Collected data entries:
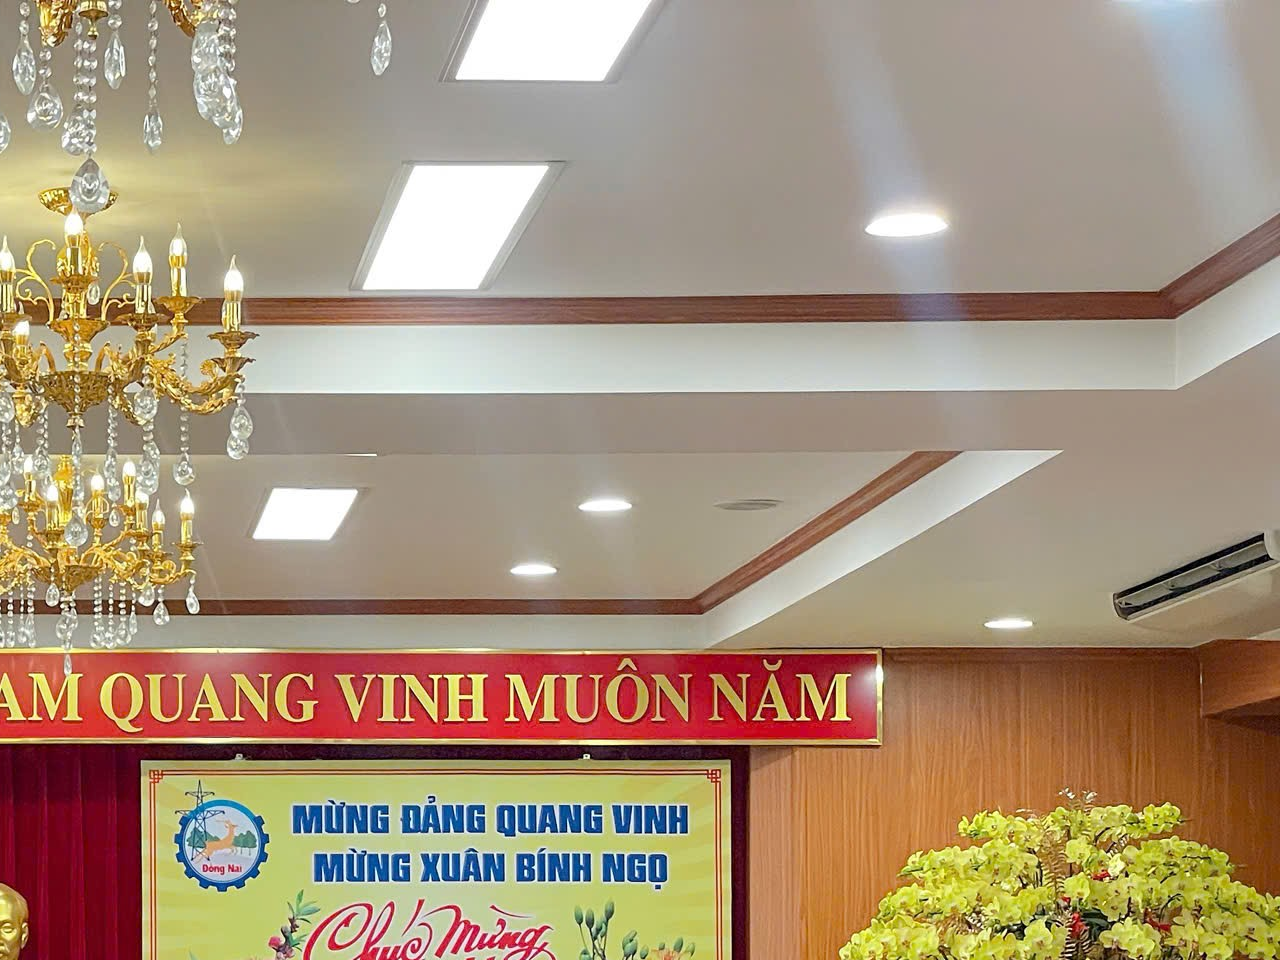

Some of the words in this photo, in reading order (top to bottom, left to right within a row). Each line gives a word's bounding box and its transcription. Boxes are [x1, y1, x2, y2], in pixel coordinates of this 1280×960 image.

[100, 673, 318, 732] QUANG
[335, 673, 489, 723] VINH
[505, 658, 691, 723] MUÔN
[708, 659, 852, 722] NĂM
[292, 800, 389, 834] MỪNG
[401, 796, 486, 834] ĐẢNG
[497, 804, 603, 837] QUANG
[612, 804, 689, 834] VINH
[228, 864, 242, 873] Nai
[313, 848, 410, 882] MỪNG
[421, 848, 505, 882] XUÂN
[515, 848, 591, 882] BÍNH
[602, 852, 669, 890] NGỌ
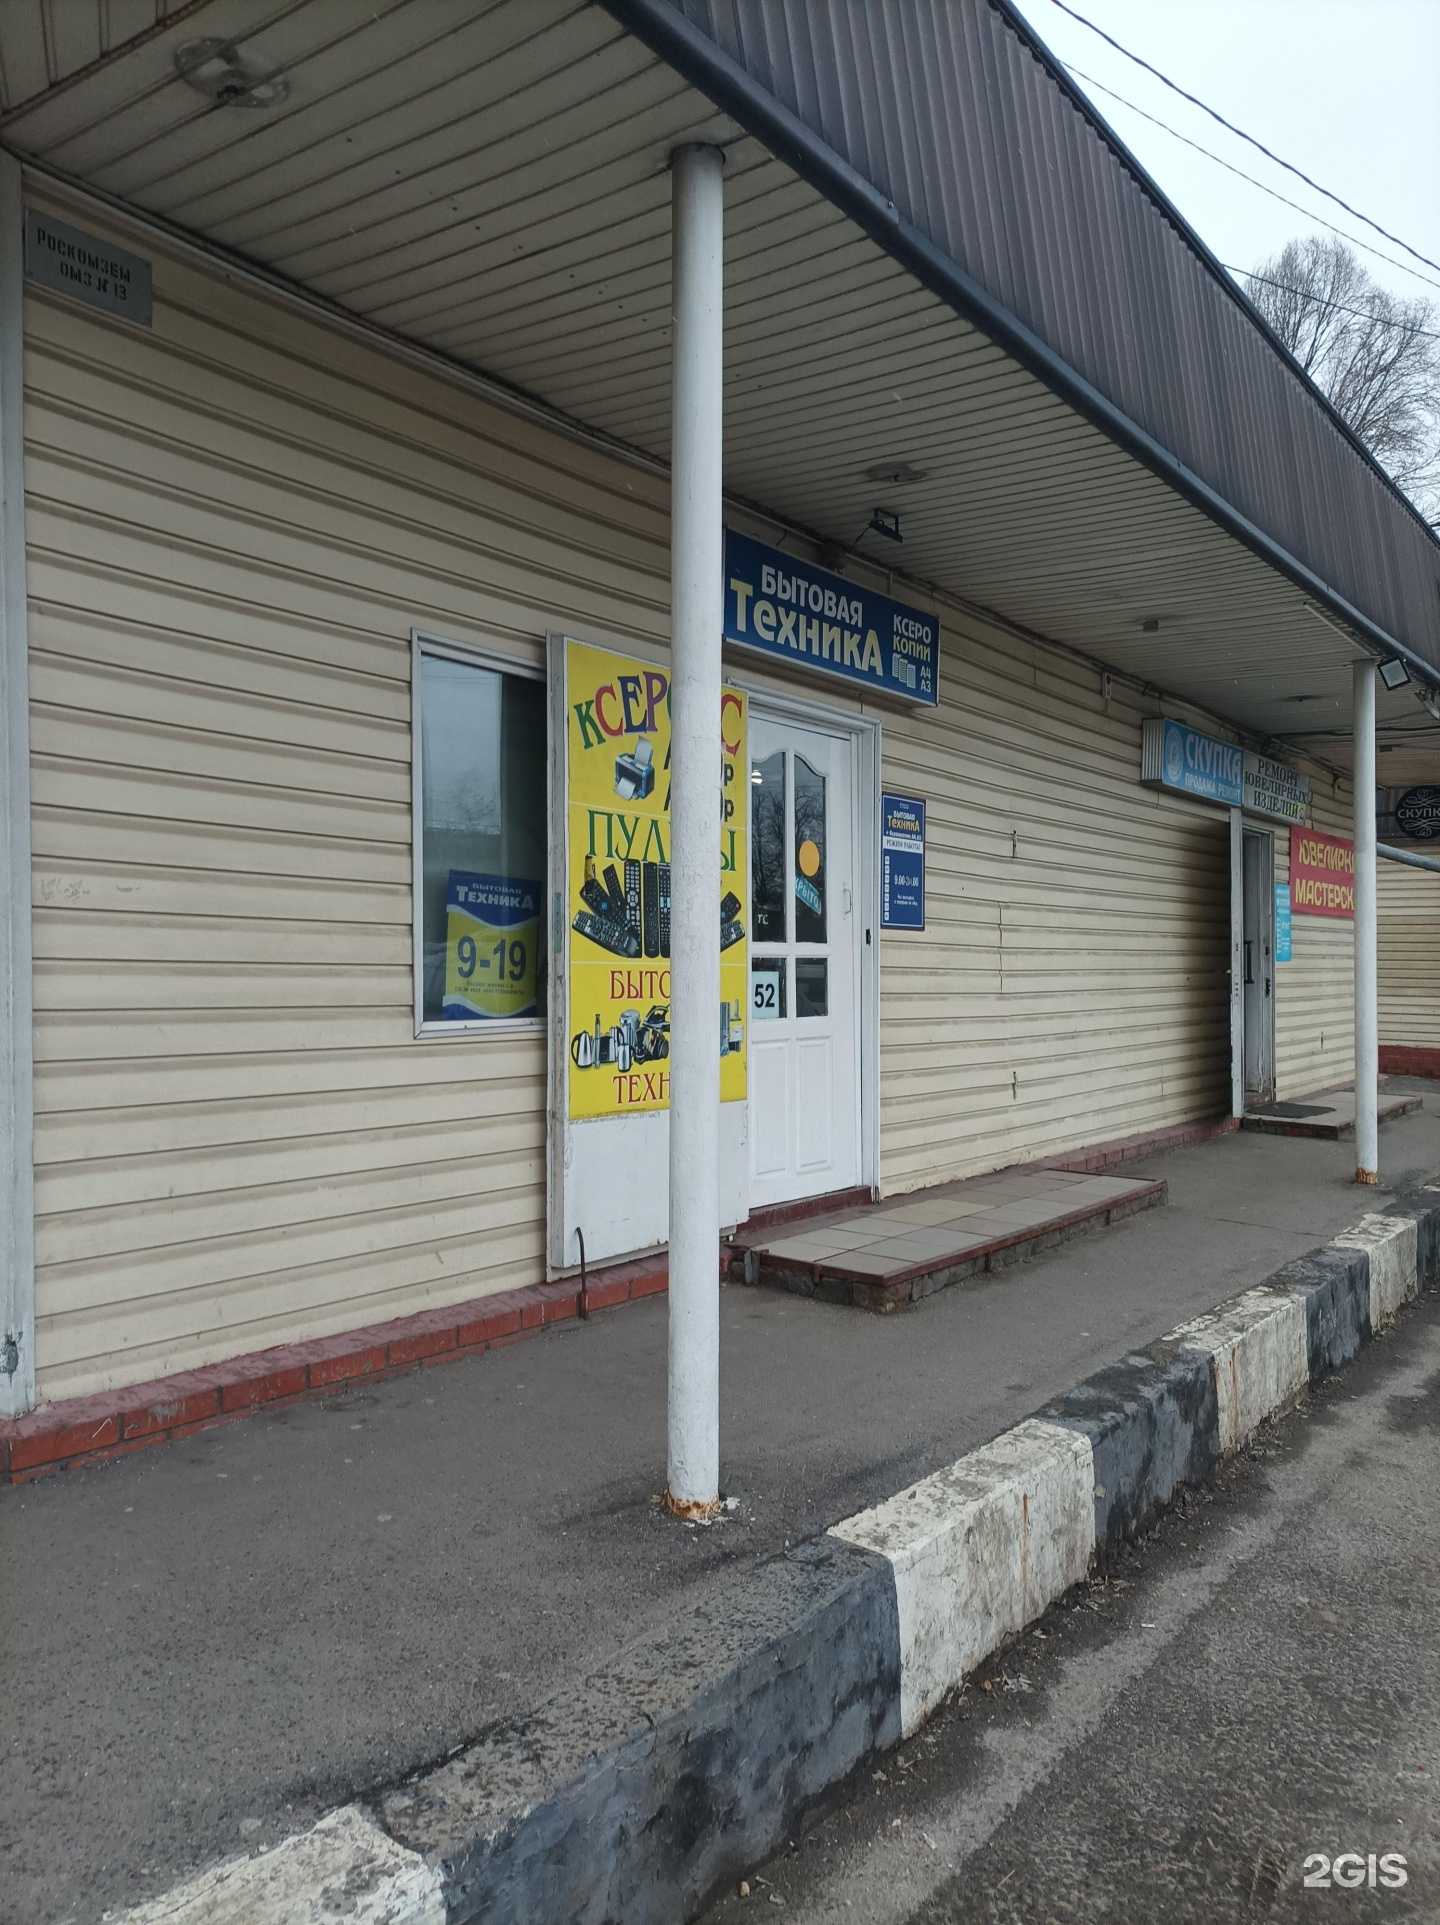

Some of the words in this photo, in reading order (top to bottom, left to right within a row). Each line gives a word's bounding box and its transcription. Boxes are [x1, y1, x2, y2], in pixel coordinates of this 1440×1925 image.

WHAT TO DO: Print all the entries again exactly as written, but without the pictures.

RESULT OF THE TASK:
Some of the words in this photo, in reading order (top to bottom, left to right within a row). Each line gives a word's bounding box and its transcription. Boxes are [x1, y1, x2, y2], in pixel coordinates of this 1280×960 image.

[100, 673, 318, 732] QUANG
[335, 673, 489, 723] VINH
[505, 658, 691, 723] MUÔN
[708, 659, 852, 722] NĂM
[292, 800, 389, 834] MỪNG
[401, 796, 486, 834] ĐẢNG
[497, 804, 603, 837] QUANG
[612, 804, 689, 834] VINH
[228, 864, 242, 873] Nai
[313, 848, 410, 882] MỪNG
[421, 848, 505, 882] XUÂN
[515, 848, 591, 882] BÍNH
[602, 852, 669, 890] NGỌ

Some of the words in this photo, in reading order (top to bottom, left to right within a row). Each line gives a word's bounding box and its transcription. Boxes are [x1, y1, x2, y2], in pixel coordinates of this 1440×1925 image.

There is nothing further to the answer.